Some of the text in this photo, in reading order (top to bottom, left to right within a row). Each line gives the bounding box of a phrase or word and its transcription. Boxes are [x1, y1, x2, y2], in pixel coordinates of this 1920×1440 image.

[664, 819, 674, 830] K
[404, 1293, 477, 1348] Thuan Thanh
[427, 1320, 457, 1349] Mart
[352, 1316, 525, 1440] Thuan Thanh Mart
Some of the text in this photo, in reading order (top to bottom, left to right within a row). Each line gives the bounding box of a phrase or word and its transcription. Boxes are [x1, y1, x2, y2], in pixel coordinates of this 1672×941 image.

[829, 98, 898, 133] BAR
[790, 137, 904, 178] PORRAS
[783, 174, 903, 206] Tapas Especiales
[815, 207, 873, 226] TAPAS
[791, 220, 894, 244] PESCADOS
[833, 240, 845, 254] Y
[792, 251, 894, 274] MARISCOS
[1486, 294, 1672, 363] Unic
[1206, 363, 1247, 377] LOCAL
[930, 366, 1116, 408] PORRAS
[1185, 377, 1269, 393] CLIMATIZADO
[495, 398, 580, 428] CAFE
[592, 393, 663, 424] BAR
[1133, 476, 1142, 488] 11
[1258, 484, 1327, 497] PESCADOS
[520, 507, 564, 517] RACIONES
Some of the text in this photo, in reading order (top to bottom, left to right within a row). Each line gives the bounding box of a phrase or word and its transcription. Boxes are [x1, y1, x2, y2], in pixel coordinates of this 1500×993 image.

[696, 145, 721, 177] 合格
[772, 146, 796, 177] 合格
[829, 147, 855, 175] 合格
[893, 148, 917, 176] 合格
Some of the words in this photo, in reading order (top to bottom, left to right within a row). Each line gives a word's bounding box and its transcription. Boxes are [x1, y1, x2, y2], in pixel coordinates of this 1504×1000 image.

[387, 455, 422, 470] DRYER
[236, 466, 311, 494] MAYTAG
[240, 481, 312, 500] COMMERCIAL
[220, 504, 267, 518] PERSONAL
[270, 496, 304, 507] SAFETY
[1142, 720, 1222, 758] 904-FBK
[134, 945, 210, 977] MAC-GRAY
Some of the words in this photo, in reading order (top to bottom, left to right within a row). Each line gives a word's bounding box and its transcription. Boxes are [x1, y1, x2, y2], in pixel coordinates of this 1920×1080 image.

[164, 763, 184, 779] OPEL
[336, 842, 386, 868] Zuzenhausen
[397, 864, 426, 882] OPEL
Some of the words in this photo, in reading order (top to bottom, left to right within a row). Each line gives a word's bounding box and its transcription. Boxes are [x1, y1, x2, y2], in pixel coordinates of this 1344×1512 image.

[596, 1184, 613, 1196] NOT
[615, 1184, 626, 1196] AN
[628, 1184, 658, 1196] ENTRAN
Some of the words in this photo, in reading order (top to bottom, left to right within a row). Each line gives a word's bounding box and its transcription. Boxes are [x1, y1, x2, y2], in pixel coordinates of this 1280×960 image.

^^^^

- **Exercise directions**:
Output nothing but the lines from the one containing "this 1344×1512 image." through the last line of the data, exactly as they stand.

- **Response to the exercise**:
Some of the words in this photo, in reading order (top to bottom, left to right within a row). Each line gives a word's bounding box and its transcription. Boxes are [x1, y1, x2, y2], in pixel coordinates of this 1344×1512 image.

[596, 1184, 613, 1196] NOT
[615, 1184, 626, 1196] AN
[628, 1184, 658, 1196] ENTRAN
Some of the words in this photo, in reading order (top to bottom, left to right within a row). Each line gives a word's bounding box and its transcription. Boxes are [x1, y1, x2, y2], in pixel coordinates of this 1280×960 image.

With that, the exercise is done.